Here is my sample implementation of standard ZK Elo*. It would be best if you implemented your rating system overriding the same methods. If java is unfamiliar to you, just implement the corresponding methods in your language and I'm sure we'll be able to translate it.

*I left out malus as it doesn't change much, but if you want to improve it feel free to. Tell me if I got something else wrong.


Good luck!
+4 / -0


8 years ago
Is that formula just a minimum message length-derived scoring for how efficiently your prediction would compress a string of wins and losses?
+0 / -0
8 years ago
Your scoring rule is very good :D. Interesting that it has so much in common with string compression. The formula is very fundamental in information theory.[Spoiler]
I assume your class ELO is only a part of your code. The original codes' weighting system would improve results further (even though it's a bit strange), but indeed that's much effort for a small advantage. If it treated teams separately instead of putting all losers into one loser team (ZK original code makes only 1 loser team, too) it would be much easier to generalize it to the teamstrength system.
+0 / -0

8 years ago
Pshh I was gonna display the scores as fraction of maximum possible score at the end. I just thought averaging might sound more complex and error-prone than it actually is.

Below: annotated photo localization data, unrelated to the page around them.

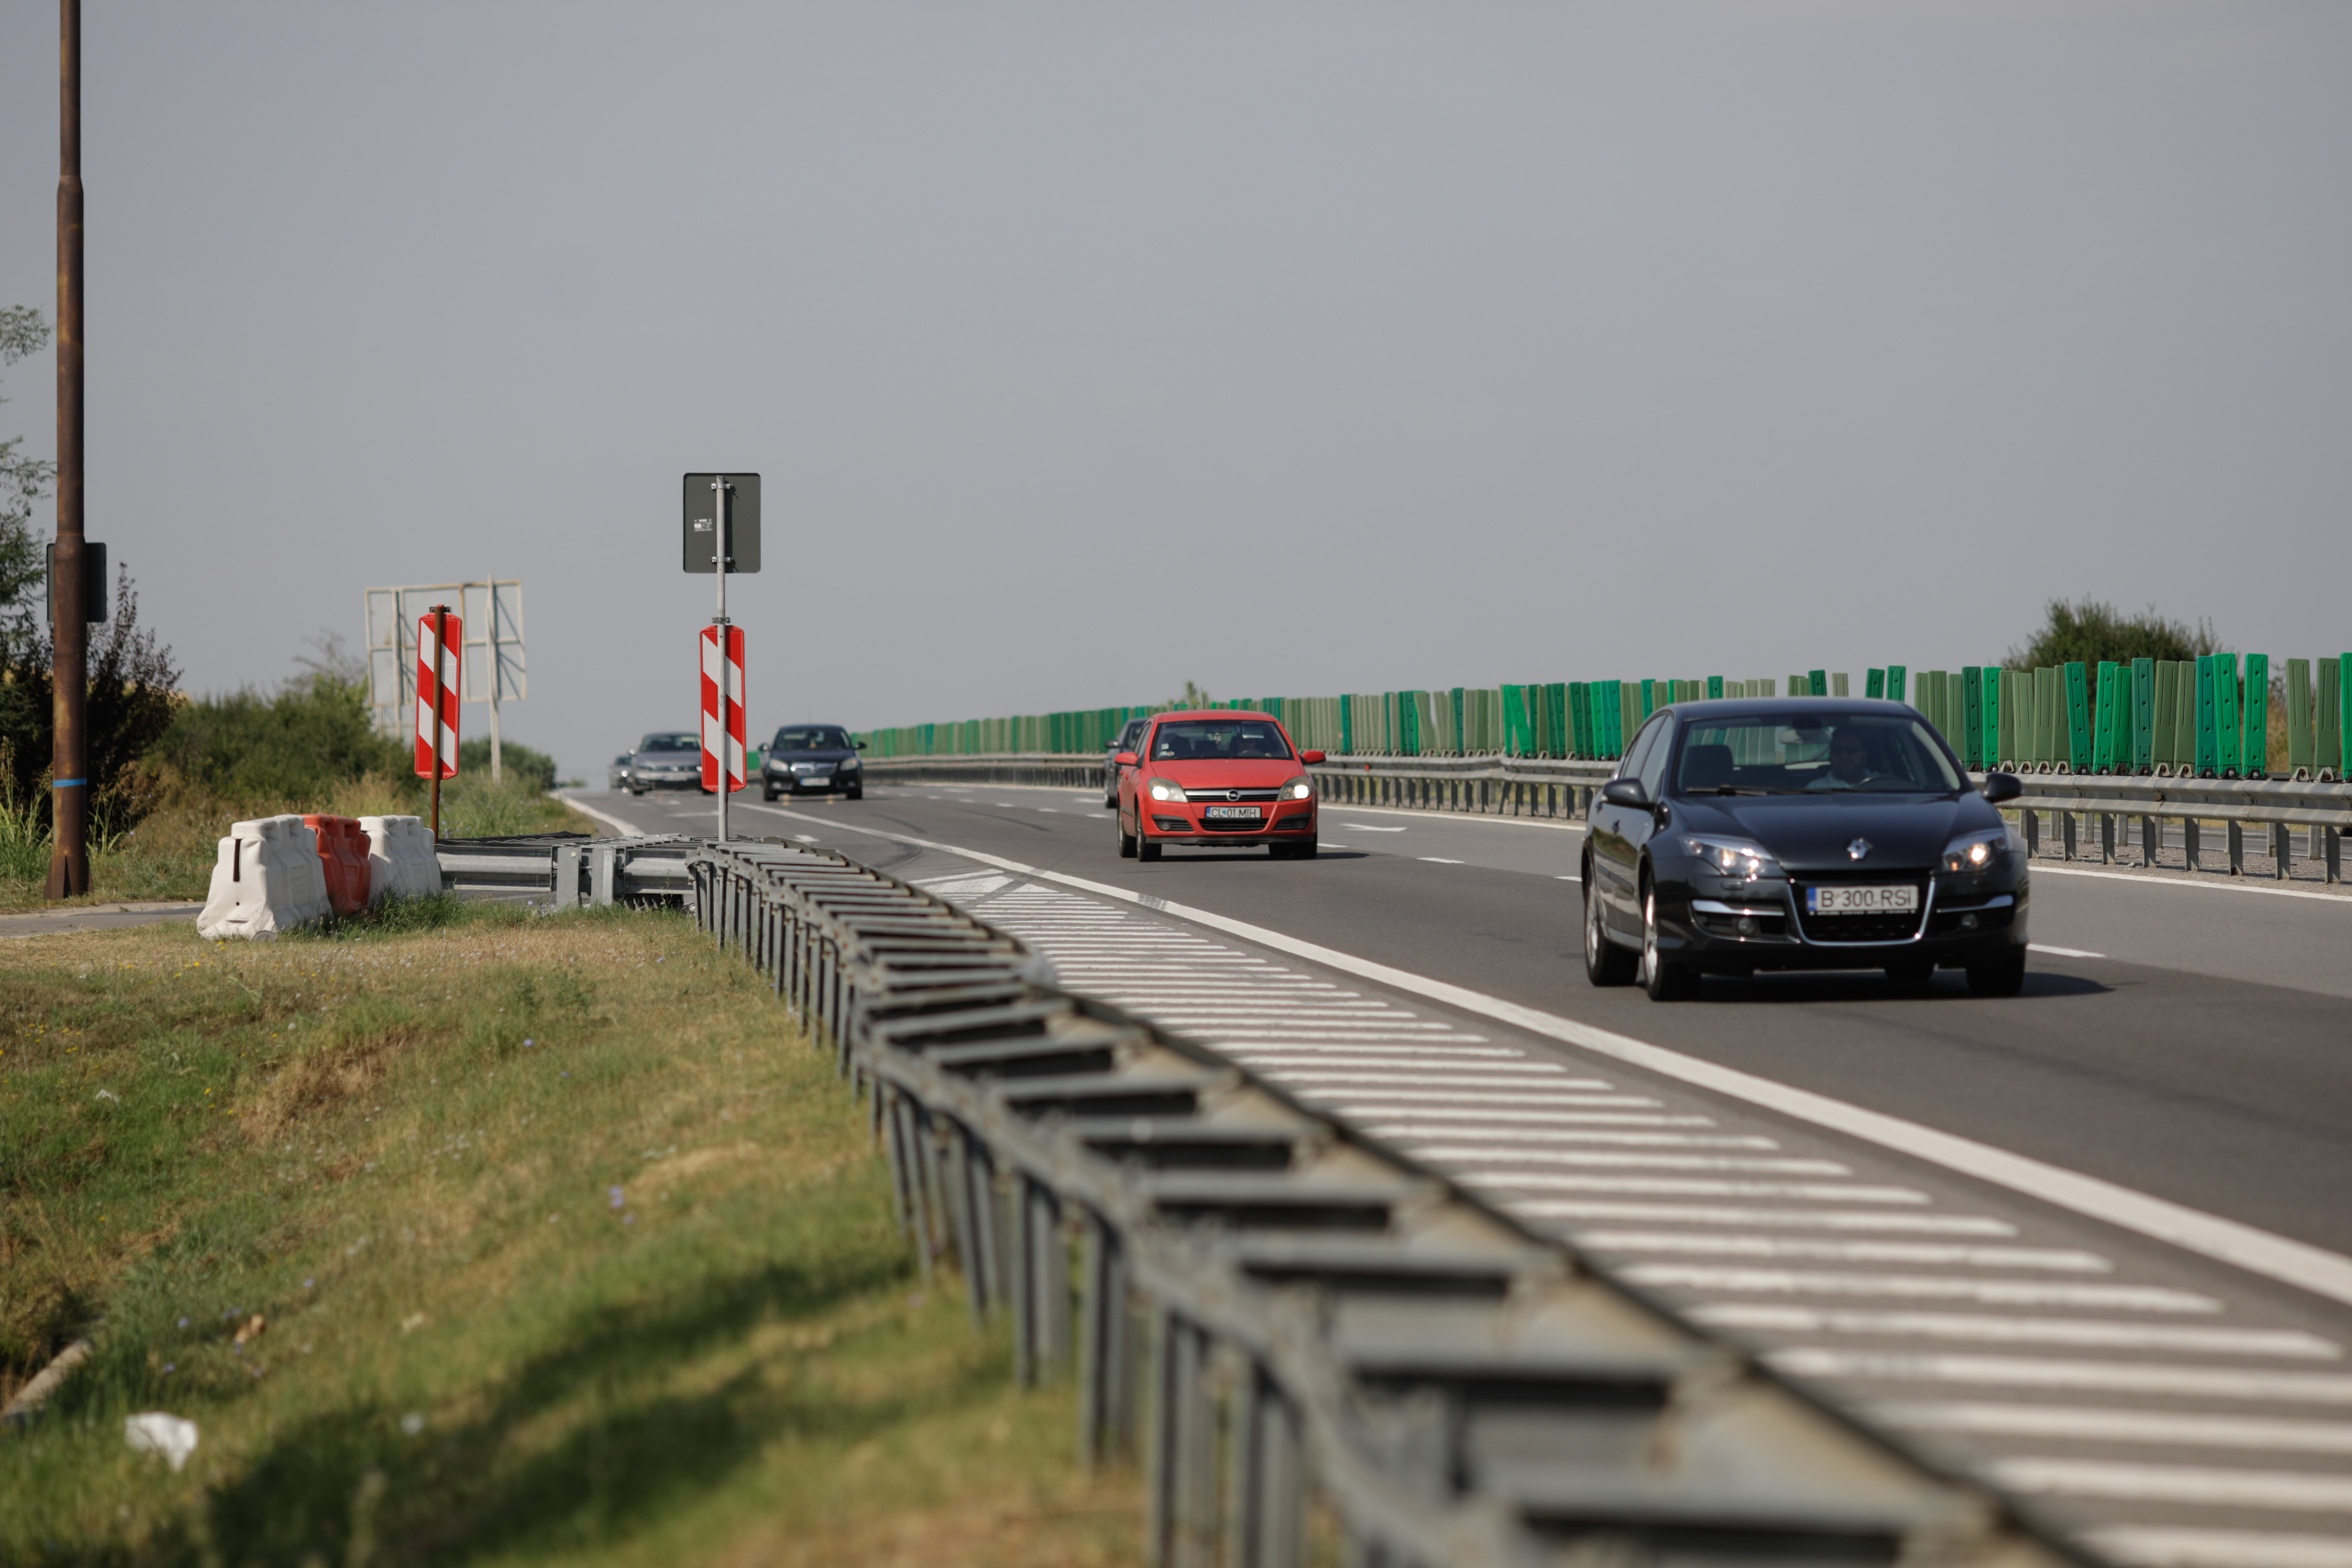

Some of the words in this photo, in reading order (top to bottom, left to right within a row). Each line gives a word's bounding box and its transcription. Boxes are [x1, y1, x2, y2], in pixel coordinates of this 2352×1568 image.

[1212, 808, 1223, 817] CL
[1227, 808, 1236, 817] 01
[1239, 808, 1256, 818] MIH
[1821, 890, 1834, 907] B
[1842, 890, 1874, 907] 300
[1881, 889, 1911, 906] RSI
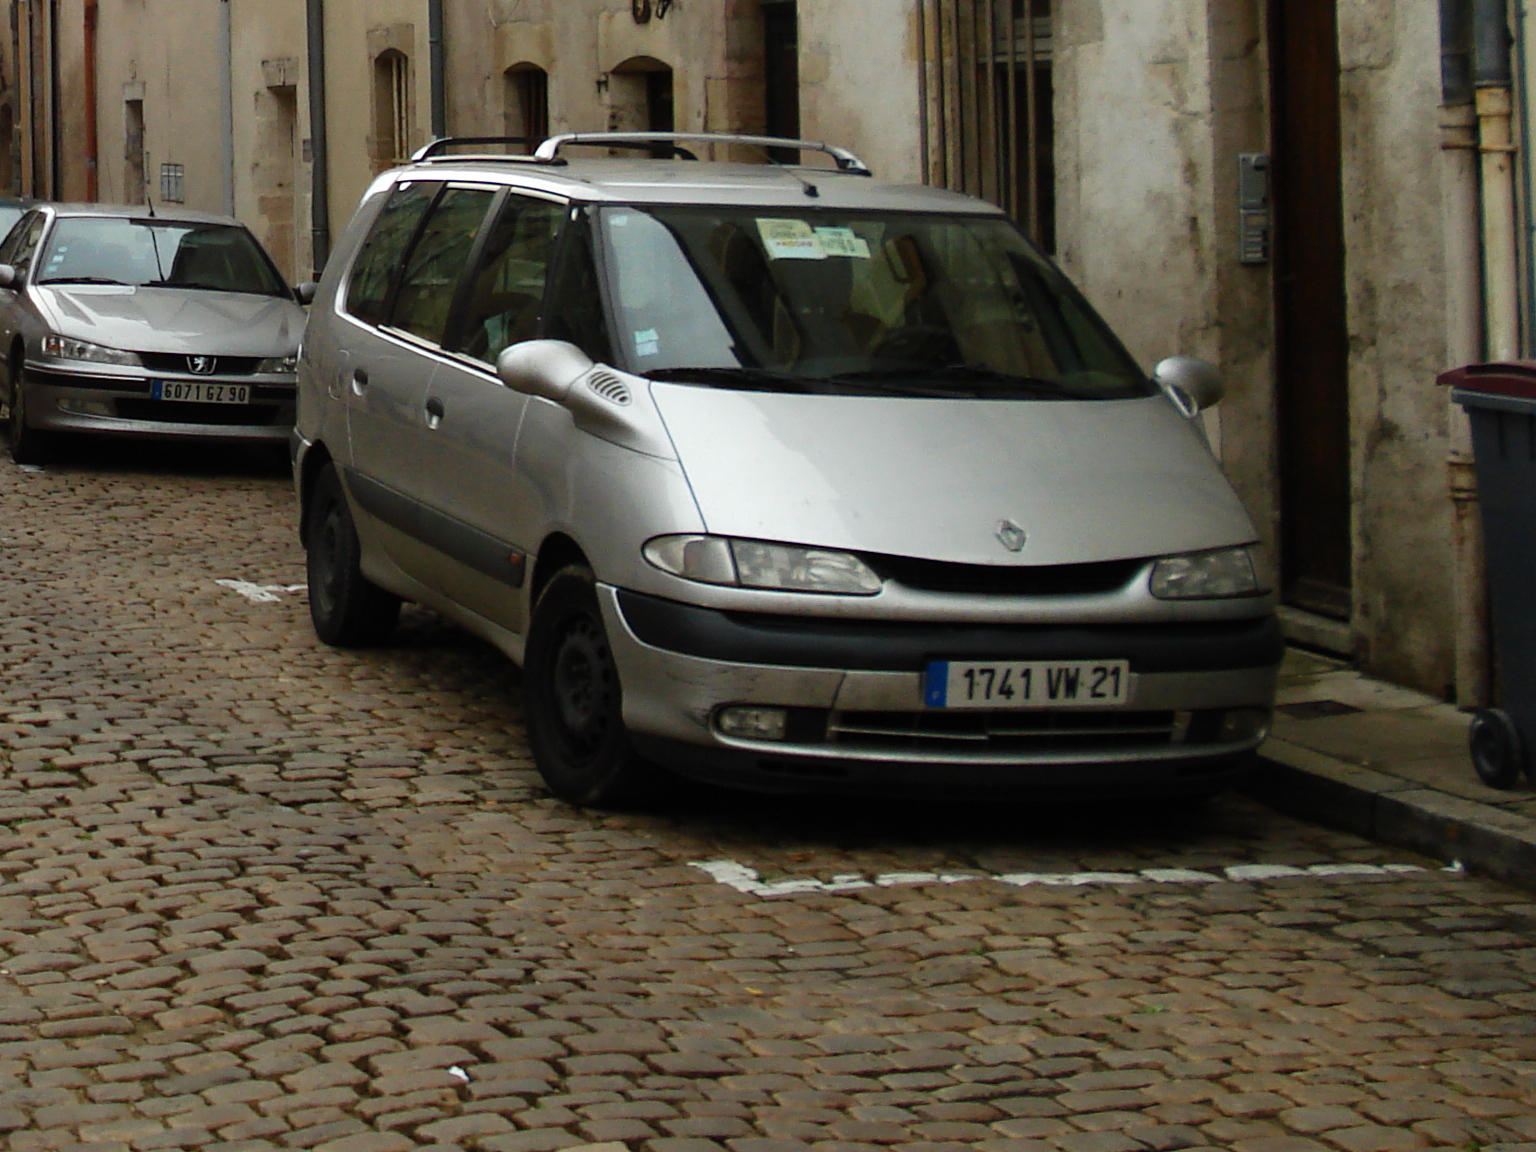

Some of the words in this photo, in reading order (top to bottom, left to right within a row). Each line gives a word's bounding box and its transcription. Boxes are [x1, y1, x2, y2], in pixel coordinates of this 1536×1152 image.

[165, 384, 200, 400] 6071
[206, 386, 223, 401] GZ
[229, 387, 246, 402] 90
[963, 667, 1032, 701] 1741
[1046, 667, 1081, 700] VW
[1090, 665, 1121, 699] 21

My implementation is only the basic principle of zk elo. It already gives pretty similar results though. I also couldn't track whether battles counted for ELO or not, so there will always be some error.

While zk elo ignores actual teams, teams are preserved here so your system can make use of that:
Collection<Collection<Integer>> winnerTeams, Collection<Collection<Integer>> loserTeams

The outer Collection is the Teams, where each Team is a collection of UserIDs.
+0 / -0

8 years ago
quote:
Your scoring rule is very good :D

quote:
Formula suggested by Brackman

lul
+2 / -0
8 years ago
:D. Your code is very good, too. It is much more general than I thought at first and can be used with many teams. If I implemented zk's elo for testing purposes I wouldn't do weighting at first, too. [Spoiler]
So I'd like to give every player with elo x a playerstrength of 10^(x/400) and every team a teamstrength of sum (average if extra coms are possible) of players' playerstrengths and distribute probabilities proportional to teamstrength. If all teams have equal size extra com consideration makes no difference. I have written a class Teamstrength implements ELO and TeamstrengthWithExtraComs implements ELO. I'm not sure if it works and have written it with a self-made text editor. Besides the nicer version, I have a version that works with higher probability without and with extra coms. I think with CHrankAdminDeinFreund and PLrankAdminSprung we have here the leading experts to correct my teamstrength code if it doesn't work.

Furthermore, I have a more fundamental objection to teamstrength itself. Teamstrength would give a player in a 1v1v1 the same win chance as the 1 player in a 1v2. The win chance in a 1v2 should be lower. That is, if there are no extra coms. With extra coms, the 1v2 win chance for the 1 player should be higher than the 1v1v1 as has already been discussed somewhere. The whole problem could be solved by distributing probabilities proportional to squares of teamstrengths, but this would make win chances too extreme. Any thoughts? PLrankAdminSprung ?
+0 / -0
DErankBrackman
I'm sure you meant to put a minus to the ELO gain for loser teams..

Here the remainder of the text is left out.